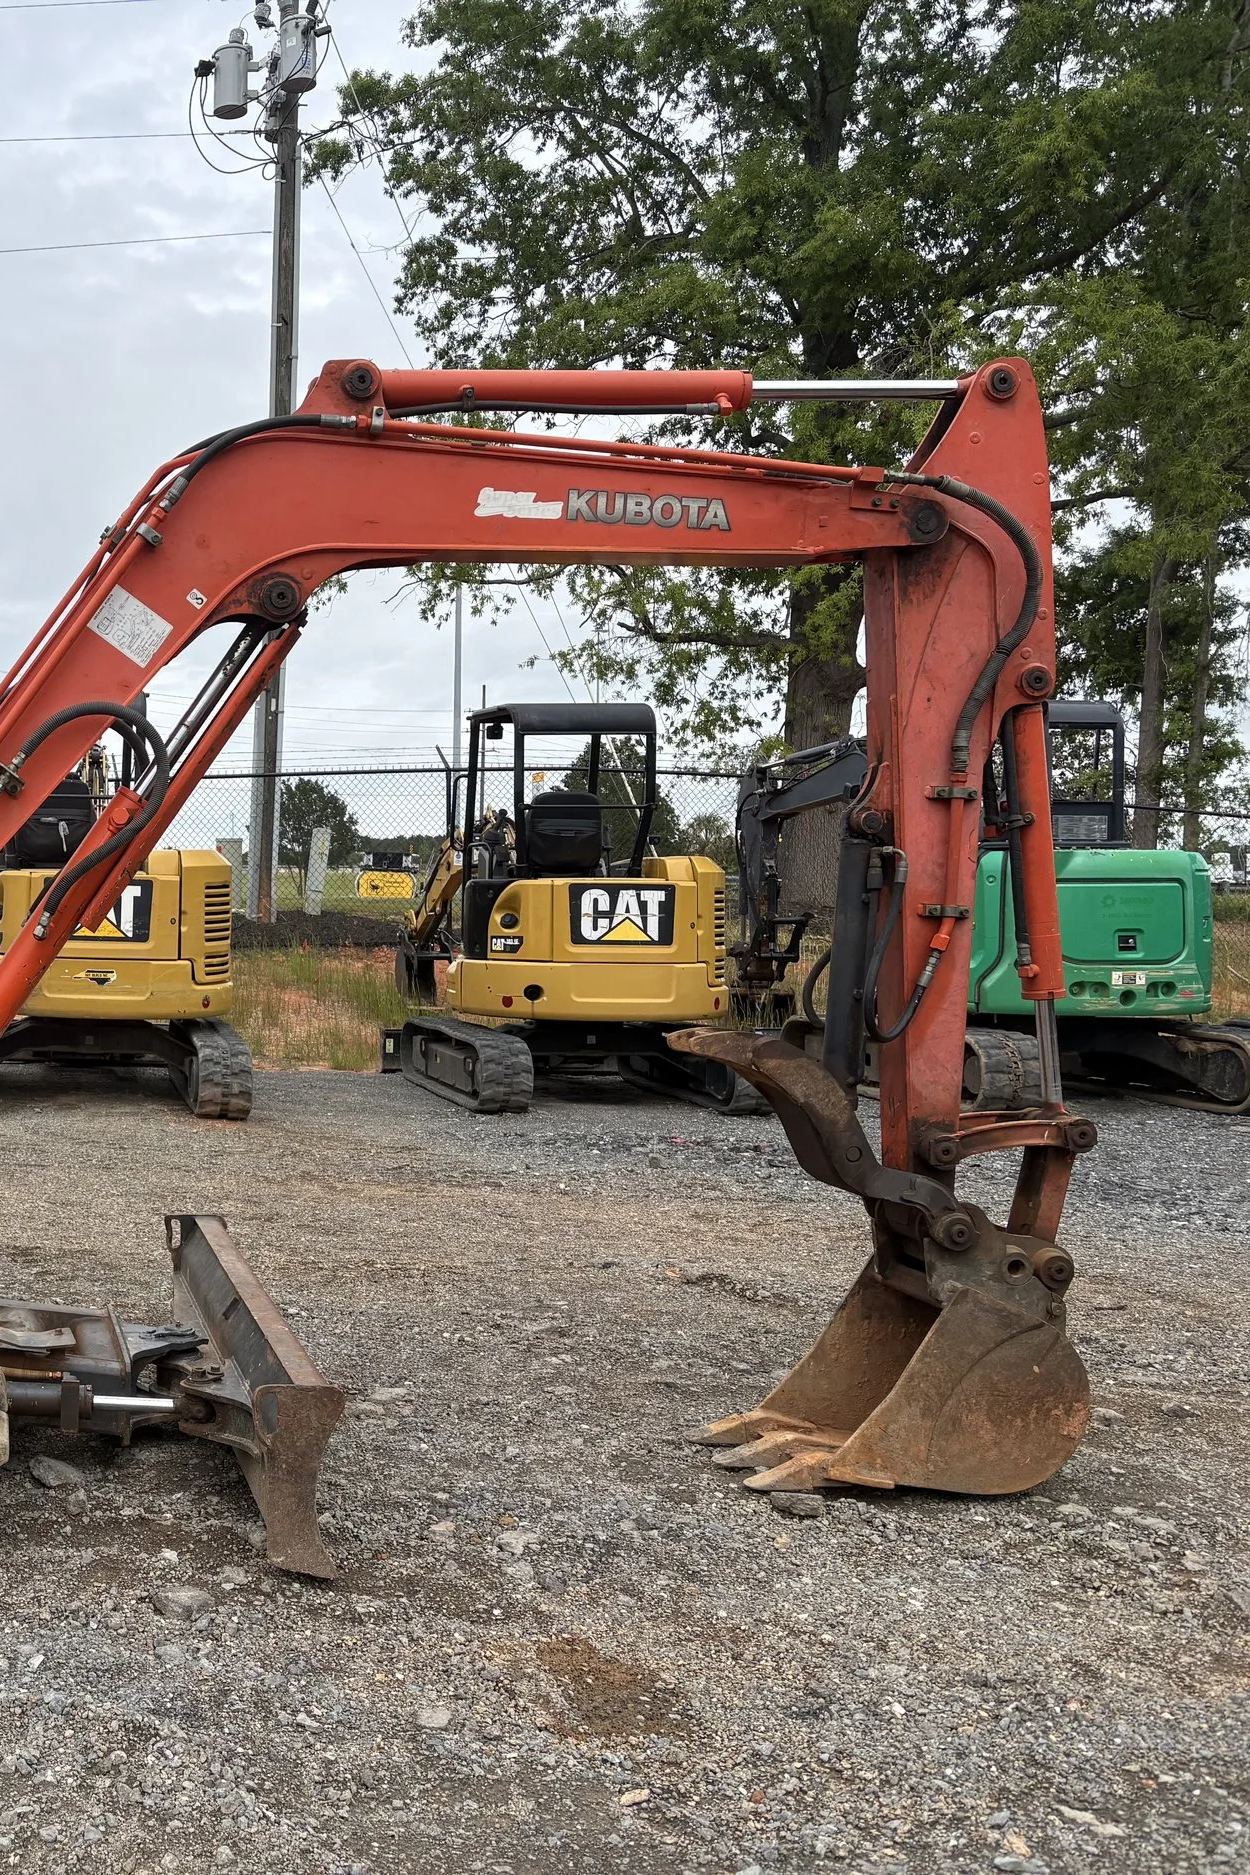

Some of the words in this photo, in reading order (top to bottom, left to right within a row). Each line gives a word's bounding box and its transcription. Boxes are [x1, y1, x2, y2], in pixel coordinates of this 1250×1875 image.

[567, 488, 731, 531] KUBOTA
[580, 889, 665, 942] CAT
[492, 938, 505, 951] CAT
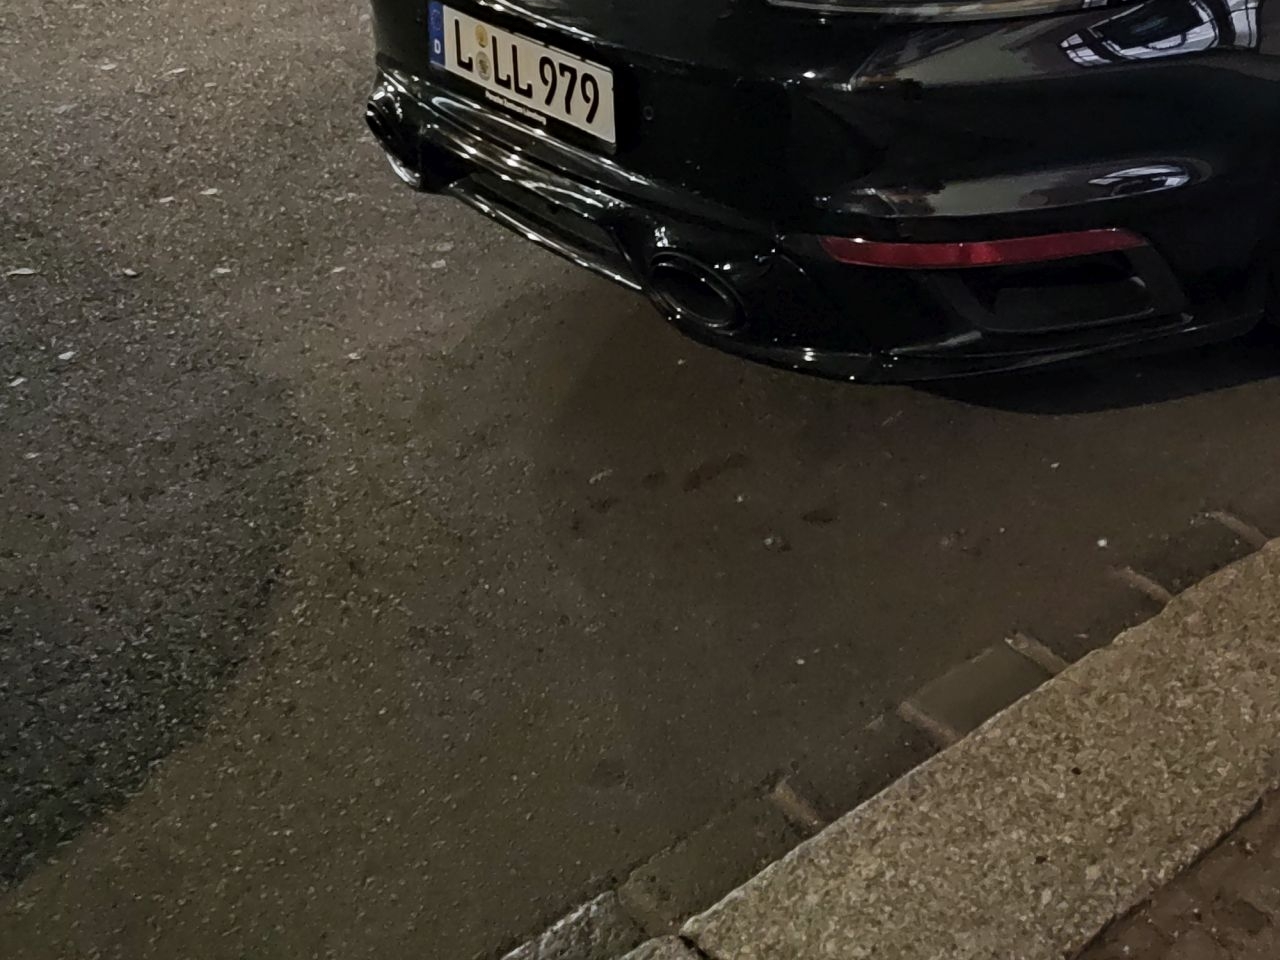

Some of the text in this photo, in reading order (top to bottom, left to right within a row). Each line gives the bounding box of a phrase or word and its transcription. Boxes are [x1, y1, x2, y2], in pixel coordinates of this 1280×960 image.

[454, 19, 474, 72] L
[491, 35, 533, 99] LL
[538, 55, 600, 124] 979

- _TASK DIRECTIONS_:
For each record, return its text exactly and leave any picture out.

- _RESPONSE AREA_:
Some of the words in this photo, in reading order (top to bottom, left to right within a row). Each line gives a word's bounding box and its transcription. Boxes are [x1, y1, x2, y2], in pixel coordinates of this 1250×1875 image.

[567, 488, 731, 531] KUBOTA
[580, 889, 665, 942] CAT
[492, 938, 505, 951] CAT

Some of the text in this photo, in reading order (top to bottom, left to right within a row). Each line gives the bounding box of a phrase or word and its transcription. Boxes are [x1, y1, x2, y2], in pixel coordinates of this 1280×960 image.

[454, 19, 474, 72] L
[491, 35, 533, 99] LL
[538, 55, 600, 124] 979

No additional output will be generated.